We note as an initial matter that, in finding appellant guilty of assault with a deadly weapon, they necessarily had to find that appellant used a deadly weapon, whether it be the knife or the chair. However, "in assessing prejudice, 'it does not matter that the jury chose to convict the defendant of the greater offense over acquittal or that the defendant was convicted of the greater offense on sufficient evidence.' [Citation.] To hold otherwise would undermine the very purpose of the sua sponte rule." (People v. Brown (2016) 245 Cal.App.4th 140, 156, as modified on denial of rehg. (Mar. 23, 2016), citing Breverman, supra, 19 Cal.4th at p. 178, fn. 25.)

Keeping this in mind, we conclude that even if an instruction on simple assault had been provided, it was not reasonably probable that appellant would have succeeded in convincing even one juror he had committed only the lesser offense of simple assault and not assault with a deadly weapon.

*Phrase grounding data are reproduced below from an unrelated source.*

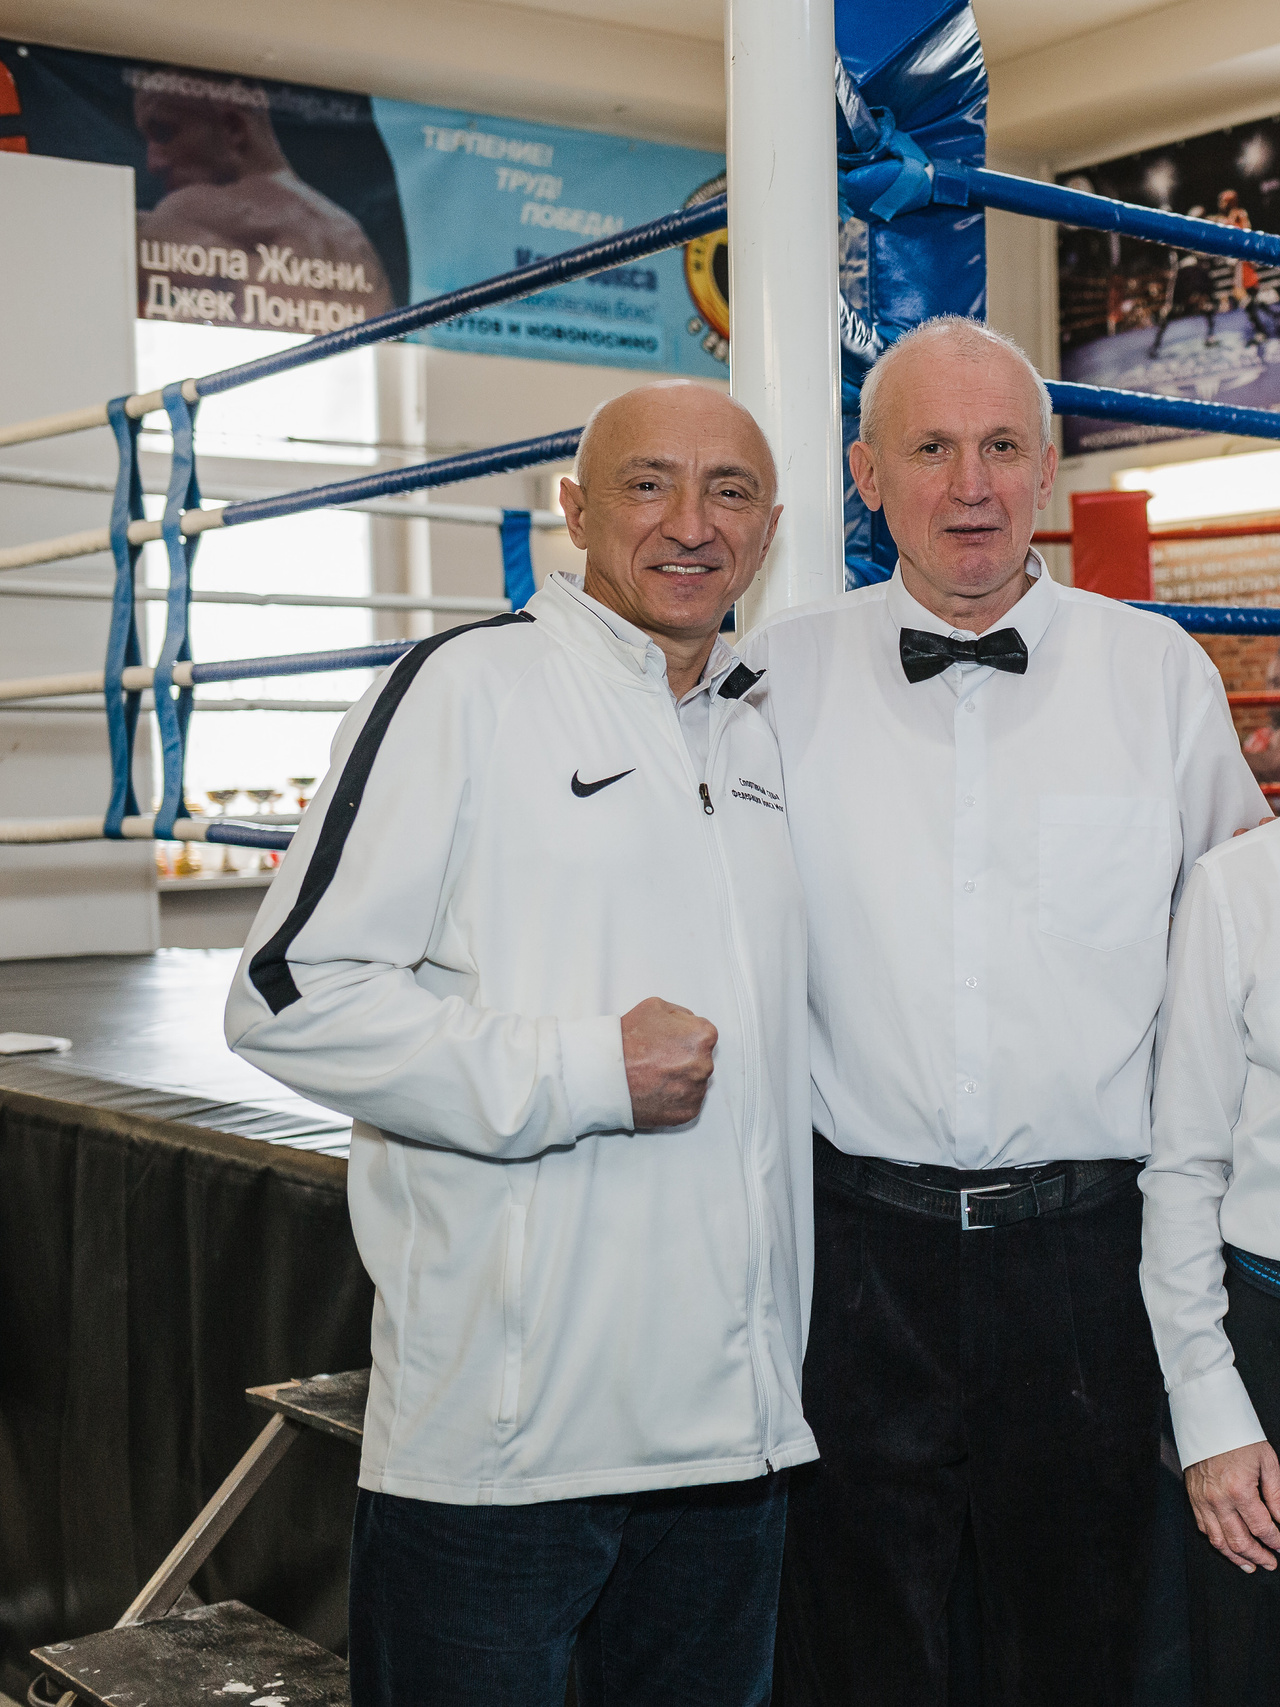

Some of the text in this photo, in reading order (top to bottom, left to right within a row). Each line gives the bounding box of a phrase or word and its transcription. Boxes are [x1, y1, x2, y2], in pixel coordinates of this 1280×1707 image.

[423, 125, 554, 168] ТЕРПЕНИЕ!
[495, 166, 563, 202] ТРУД!
[520, 202, 625, 237] ПОБЕДА!
[140, 239, 374, 294] школа Жизни.
[146, 274, 366, 334] Джек Лондон
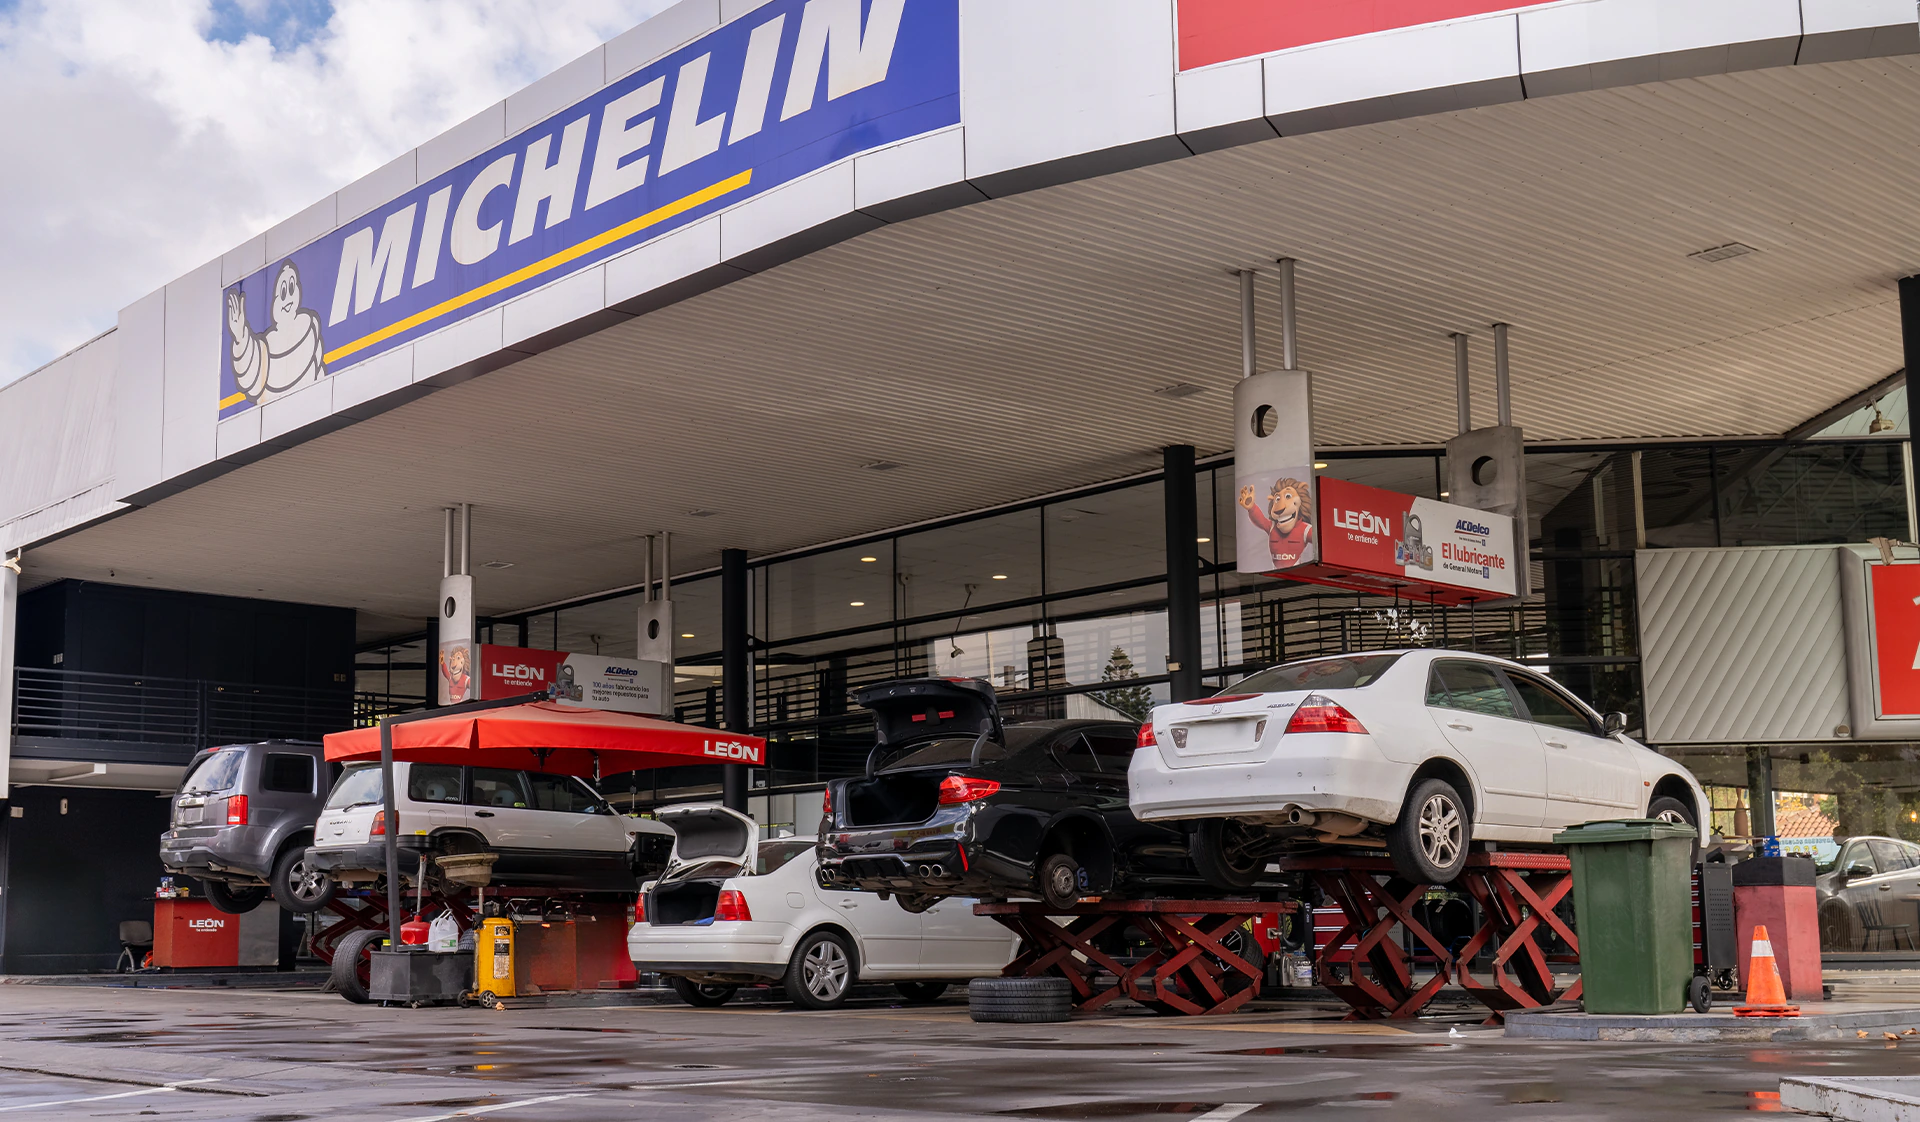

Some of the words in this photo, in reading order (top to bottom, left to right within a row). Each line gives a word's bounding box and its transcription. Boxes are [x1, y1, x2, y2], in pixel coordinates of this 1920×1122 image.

[328, 0, 904, 328] MICHELIN
[1455, 519, 1490, 535] ACDelco
[1347, 532, 1354, 541] te
[1355, 534, 1378, 546] entiende
[1441, 542, 1452, 560] El
[1453, 543, 1506, 570] lubricante
[1442, 561, 1449, 570] de
[1449, 562, 1467, 573] General
[1467, 565, 1483, 576] Motors
[605, 666, 638, 676] ACDelco
[615, 683, 641, 692] fabricando
[613, 690, 637, 698] repuestos
[637, 692, 649, 700] para

First, the prosecution's case that appellant assaulted Joshua and caused Joshua's injury with the knife was strong. The prosecutor effectively impeached Joshua's testimony that the injury was caused by appellant swinging the chair by offering testimony from Berumen of Joshua's detailed statement at the hospital as well as testimony that Joshua did not appear to miscommunicate what happened nor did he later try to revise his statement. The prosecutor also elicited from Joshua that he did not want to testify against appellant and did not want to cooperate with the prosecutor, which provided motivation for Joshua to downplay appellant's culpability. Further, Joshua's trial testimony did not match the physical evidence of the scene, but his statement to Berumen at the hospital did. Joshua testified that the entire incident took place in the lawn area, where the metal chair was found, but the majority of the blood was located on the concrete area, and no blood was found on the lawn area or the chair. Though Joshua testified he had thrown a metal chair at appellant with "full force," and slammed his hand against the chair with such force that it caused appellant to lose his grip, appellant presented with no injuries at the time of his arrest.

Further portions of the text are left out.